Synaptic Accumulation of PSD-95 and Synaptic Function Regulated by Phosphorylation of Serine-295 of PSD-95

• Published in: Neuron (Cambridge, Mass.) Vol. 56; no. 3; pp. 488 - 502
• Main Authors: Kim, Myung Jong, Futai, Kensuke, Jo, Jihoon, Hayashi, Yasunori, Cho, Kwangwook, Sheng, Morgan
• Format: Journal Article
• Language: English
• Published: United States Elsevier Inc 08.11.2007; Elsevier Limited
• Subjects: Animals; Animals, Newborn; CELLBIO; Cells, Cultured; Deoxyribonucleic acid; Disks Large Homolog 4 Protein; DNA; Excitatory Amino Acid Agonists - pharmacology; Excitatory Postsynaptic Potentials - physiology; Experiments; Hippocampus - metabolism; Hippocampus - ultrastructure; Intracellular Signaling Peptides and Proteins - chemistry; Intracellular Signaling Peptides and Proteins - genetics; Intracellular Signaling Peptides and Proteins - metabolism; JNK Mitogen-Activated Protein Kinases - metabolism; Kinases; Long-Term Synaptic Depression - drug effects; Long-Term Synaptic Depression - physiology; Medical research; Membrane Proteins - chemistry; Membrane Proteins - genetics; Membrane Proteins - metabolism; MOLNEURO; Mutation - physiology; N-Methylaspartate - pharmacology; Neurons; Organ Culture Techniques; Phosphorylation; Phosphorylation - drug effects; Proteins; rac1 GTP-Binding Protein - metabolism; Rats; Receptors, AMPA - drug effects; Receptors, AMPA - metabolism; Serine - metabolism; Signal Transduction - drug effects; Signal Transduction - physiology; Studies; Synaptic Membranes - drug effects; Synaptic Membranes - metabolism; Synaptic Membranes - ultrastructure; Synaptic Transmission - drug effects; Synaptic Transmission - physiology; CELLBIO; MOLNEURO
• ISSN: 0896-6273; 1097-4199
• DOI: 10.1016/j.neuron.2007.09.007

The scaffold protein PSD-95 promotes the maturation and strengthening of excitatory synapses, functions that require proper localization of PSD-95 in the postsynaptic density (PSD).
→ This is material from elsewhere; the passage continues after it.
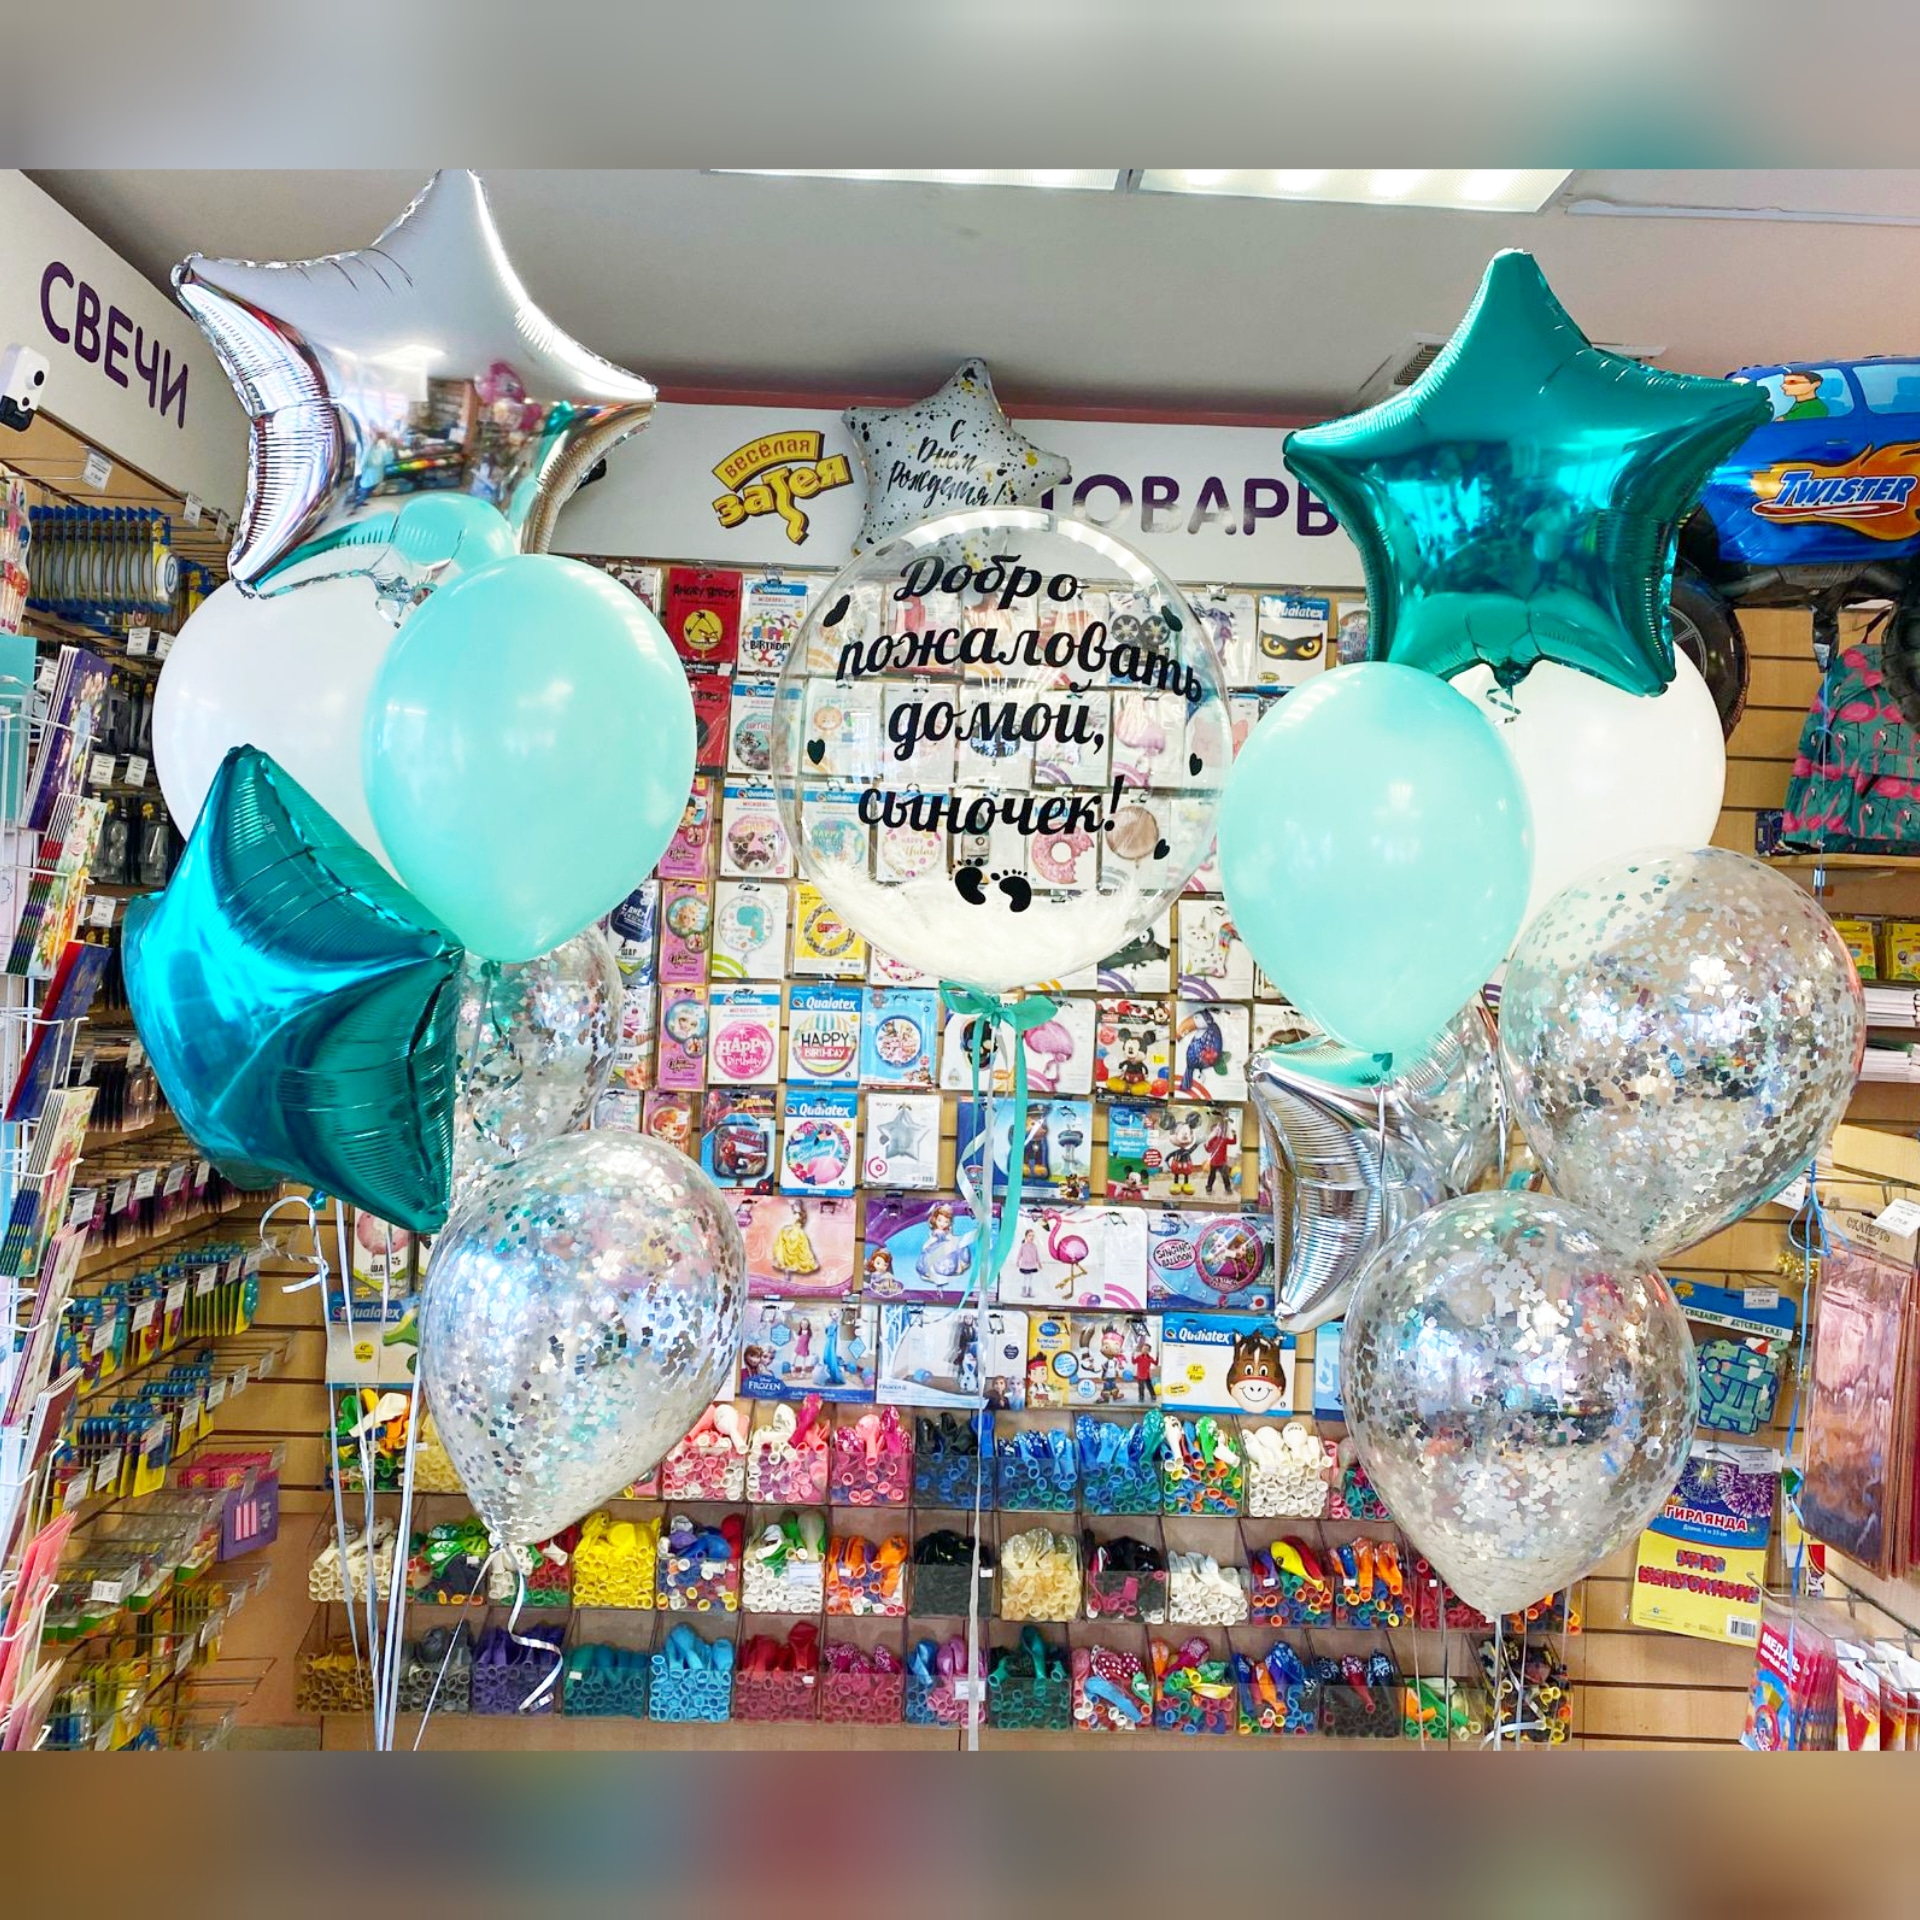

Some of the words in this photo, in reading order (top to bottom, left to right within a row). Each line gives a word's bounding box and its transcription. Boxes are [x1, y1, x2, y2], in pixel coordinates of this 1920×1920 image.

Here we report that phosphorylation of ser-295 enhances the synaptic accumulation of PSD-95 and the ability of PSD-95 to recruit surface AMPA receptors and potentiate excitatory postsynaptic currents. We present evidence that a Rac1-JNK1 signaling pathway mediates ser-295 phosphorylation and regulates synaptic content of PSD-95. Ser-295 phosphorylation is suppressed by chronic elevation, and increased by chronic silencing, of synaptic activity. Rapid dephosphorylation of ser-295 occurs in response to NMDA treatment that causes chemical long-term depression (LTD). Overexpression of a phosphomimicking mutant (S295D) of PSD-95 inhibited NMDA-induced AMPA receptor internalization and blocked the induction of LTD. The data suggest that synaptic strength can be regulated by phosphorylation-dephosphorylation of ser-295 of PSD-95 and that synaptic depression requires the dephosphorylation of ser-295.